I finally see Jake. He’s in the hall making out with a girl I don’t know. She has brownish hair and she looks young. I roll my eyes, because here it is in front of me. He couldn’t have been in here more than ten minutes and his tongue’s down another girl’s throat. I’m aware of the impossibility of it all, because even if I come out to everyone and it works, this is what’ll happen. I’ll never have anything because nothing stays with me. Because being young is hard enough. Because when you’re sixteen and you like a girl, the worst is she doesn’t like you back.

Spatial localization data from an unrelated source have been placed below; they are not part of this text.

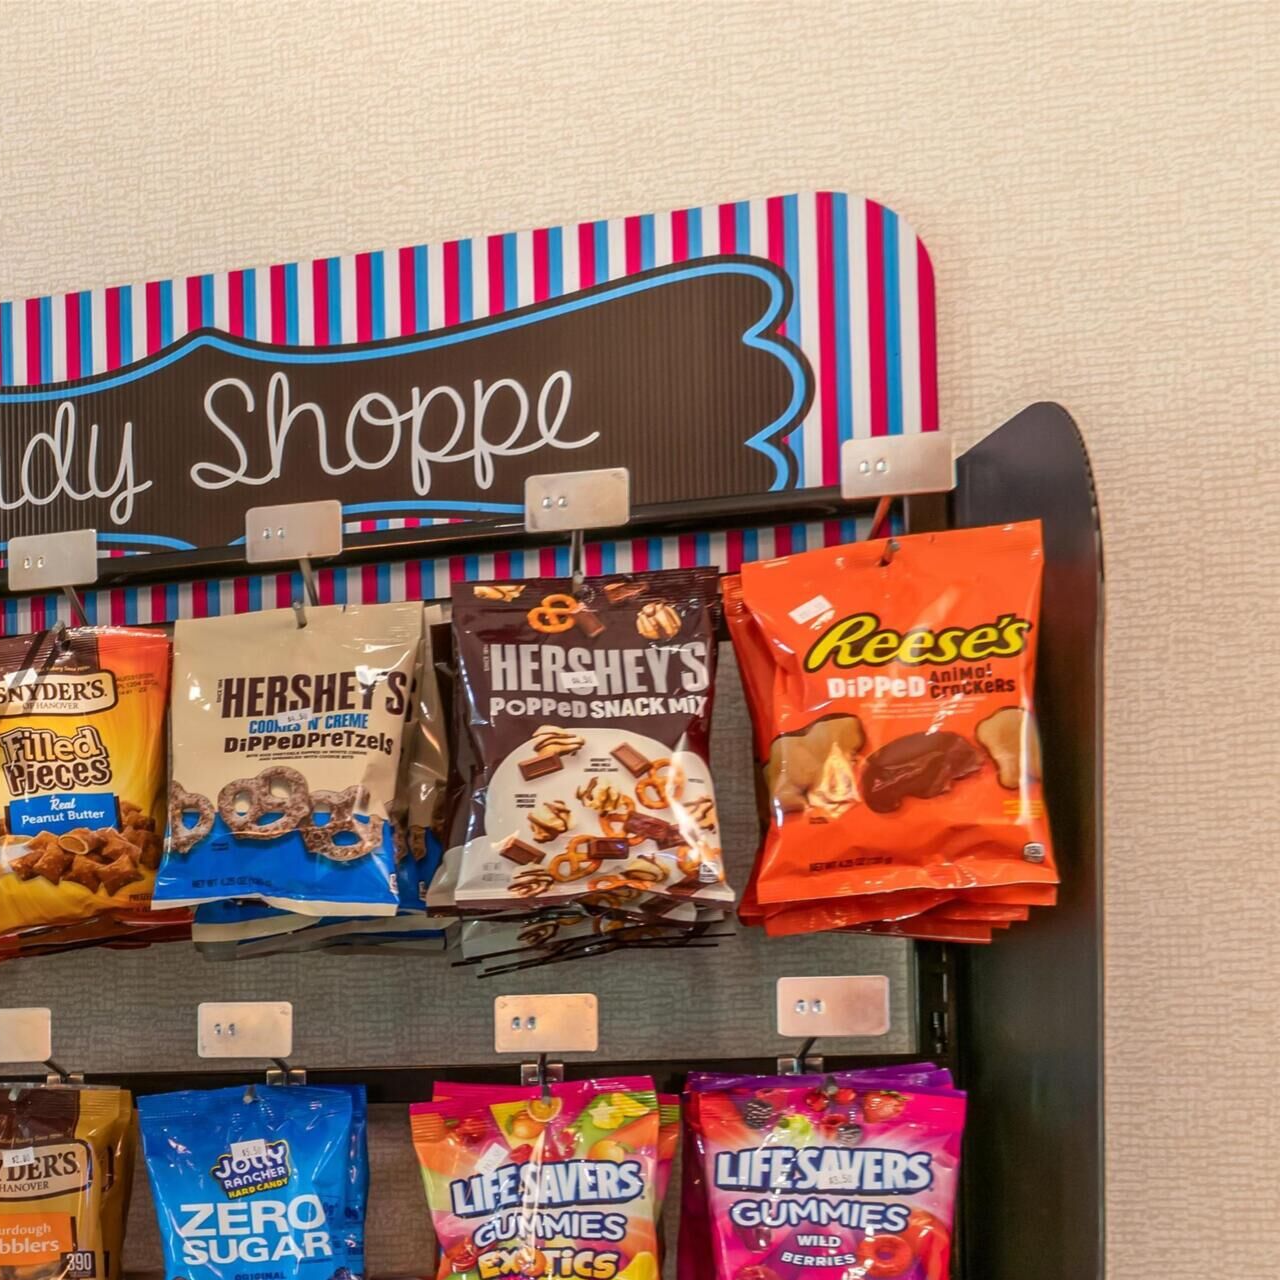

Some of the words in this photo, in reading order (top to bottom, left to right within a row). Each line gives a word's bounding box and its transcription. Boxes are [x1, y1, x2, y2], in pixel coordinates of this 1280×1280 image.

[191, 369, 600, 516] Shoppe
[489, 642, 707, 693] HERSHEY'S
[222, 670, 408, 718] HERSHEY'S
[324, 714, 368, 731] CREME
[51, 796, 75, 811] Real
[21, 811, 63, 824] Peanut
[66, 808, 104, 821] Butter
[224, 1167, 286, 1188] RANCHER
[228, 1185, 256, 1198] HARD
[258, 1177, 289, 1192] CANDY
[180, 1196, 326, 1238] ZERO
[732, 1199, 911, 1231] GUMMIES
[474, 1214, 627, 1245] GUMMIES
[183, 1232, 332, 1266] SUGAR
[798, 1235, 841, 1247] WILD
[66, 1252, 92, 1272] 390
[781, 1252, 856, 1266] BERRIES
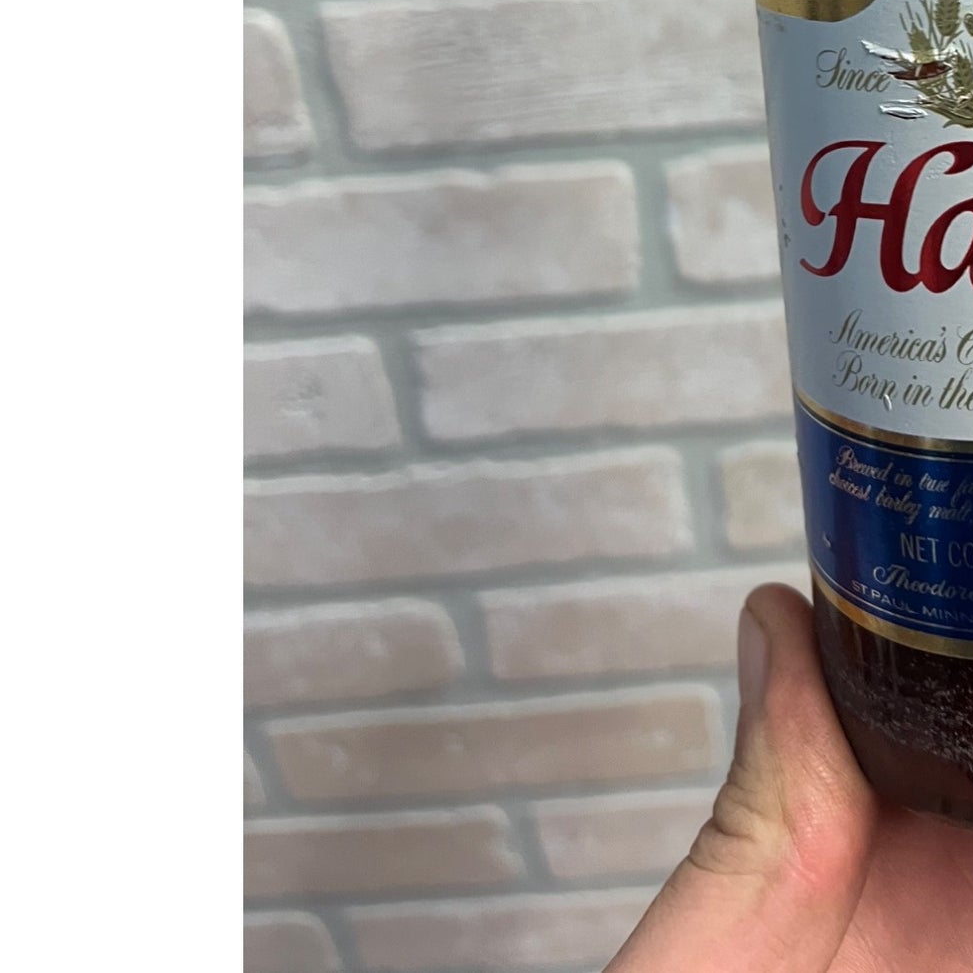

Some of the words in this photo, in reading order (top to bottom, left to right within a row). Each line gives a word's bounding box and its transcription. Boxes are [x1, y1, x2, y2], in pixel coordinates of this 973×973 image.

[815, 49, 890, 94] Since
[829, 308, 947, 364] America's
[832, 352, 898, 412] Born
[903, 376, 935, 408] in
[836, 446, 894, 482] Brewed
[894, 469, 914, 488] in
[918, 473, 951, 493] true
[874, 486, 923, 525] barley
[900, 533, 940, 564] NET
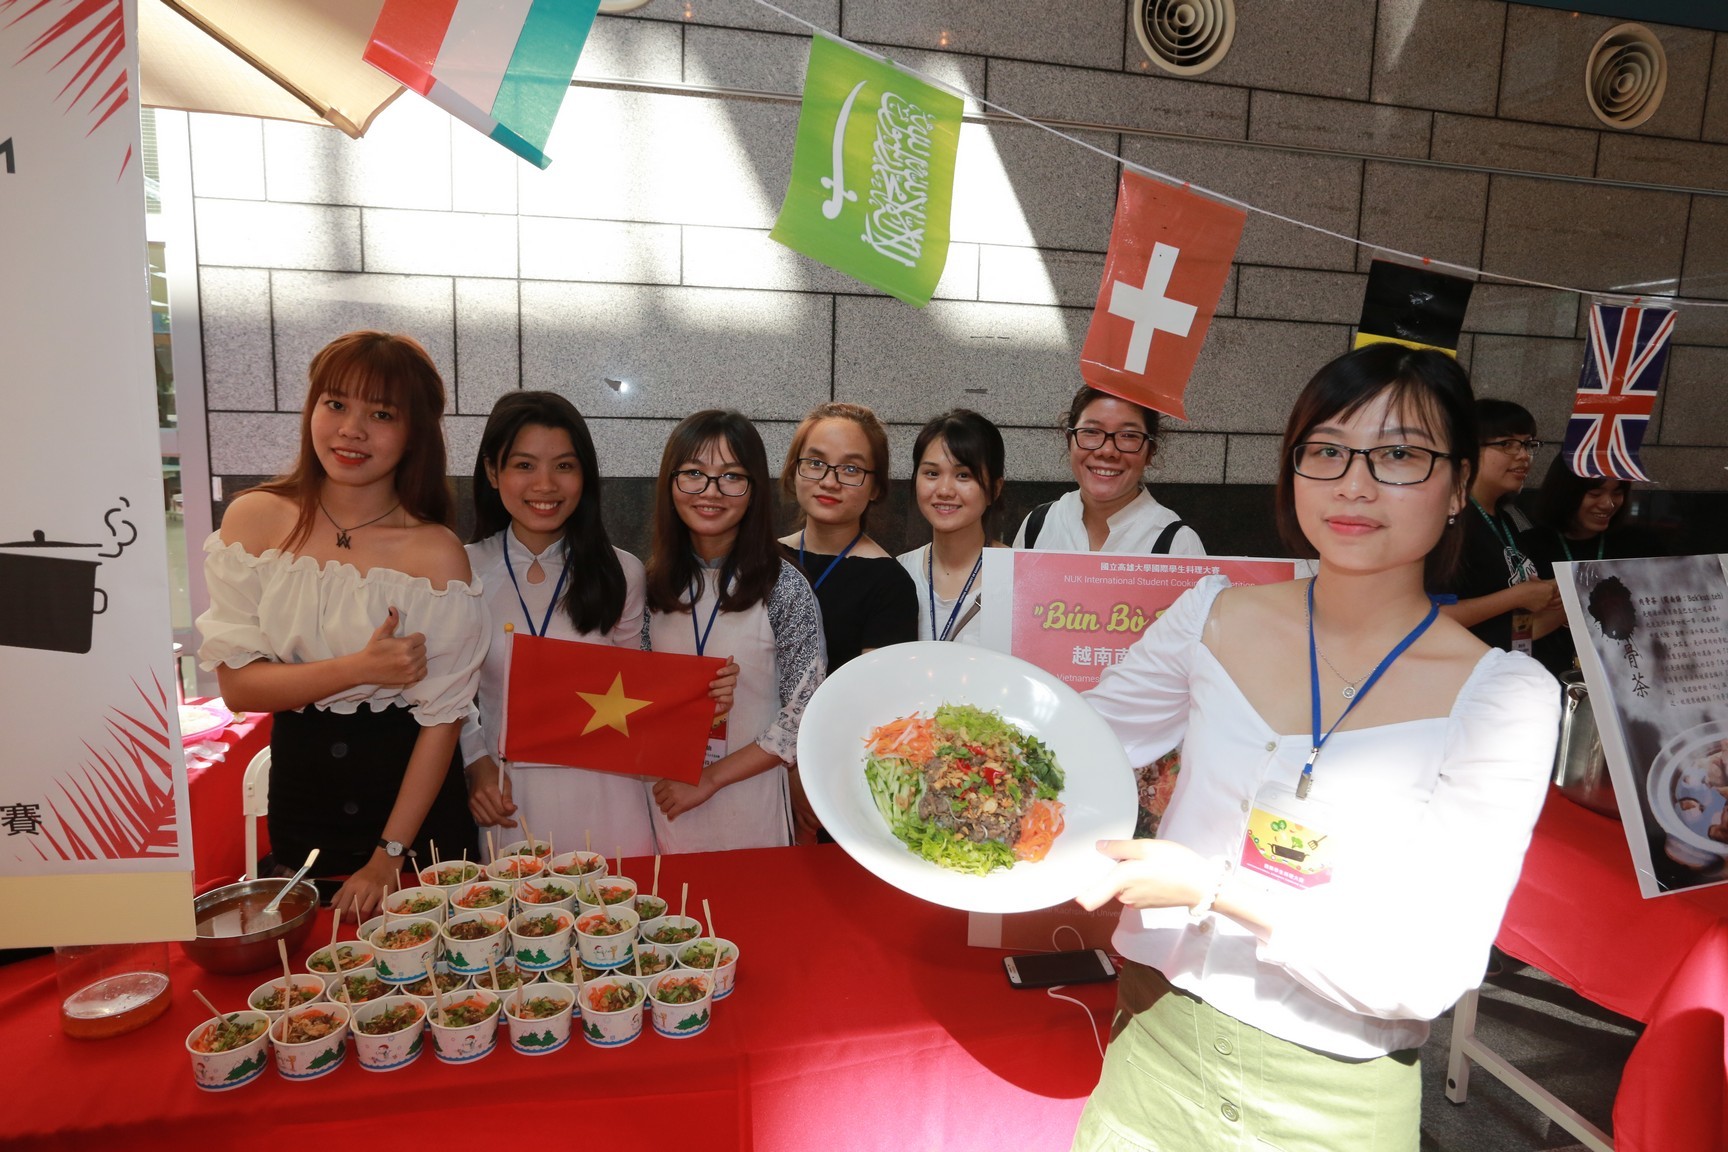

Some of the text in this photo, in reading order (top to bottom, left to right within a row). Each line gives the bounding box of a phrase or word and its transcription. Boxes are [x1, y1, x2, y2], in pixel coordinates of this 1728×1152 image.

Maybe she has a boyfriend and he beats you up. But no one cares, because it’s normal. It’s the plot of a thousand teen shows, no matter how dramatic they try to make it seem. They’re still normal and it’s okay. But when you’re sixteen and gay, it’s harder. Because it’s not just whether the guy likes you back or not. Because say he’s straight, so there’s no hope at all. Or any hope there is only lies in that off-chance he’s curious or you can get him drunk enough. And then what? Watch him with his girlfriend and friends or whoever, actively ignoring your looks. Or even say he isn’t straight, but then he might be so far in the closet it’s useless to even play those games because it’ll only hurt you in the end. Or maybe there’s no chemistry or he’s a douchebag. Or maybe everything’s perfect. But you’re still sixteen, so nothing will last forever no matter what we tell ourselves, so you break up in a month and ignore each other in the halls.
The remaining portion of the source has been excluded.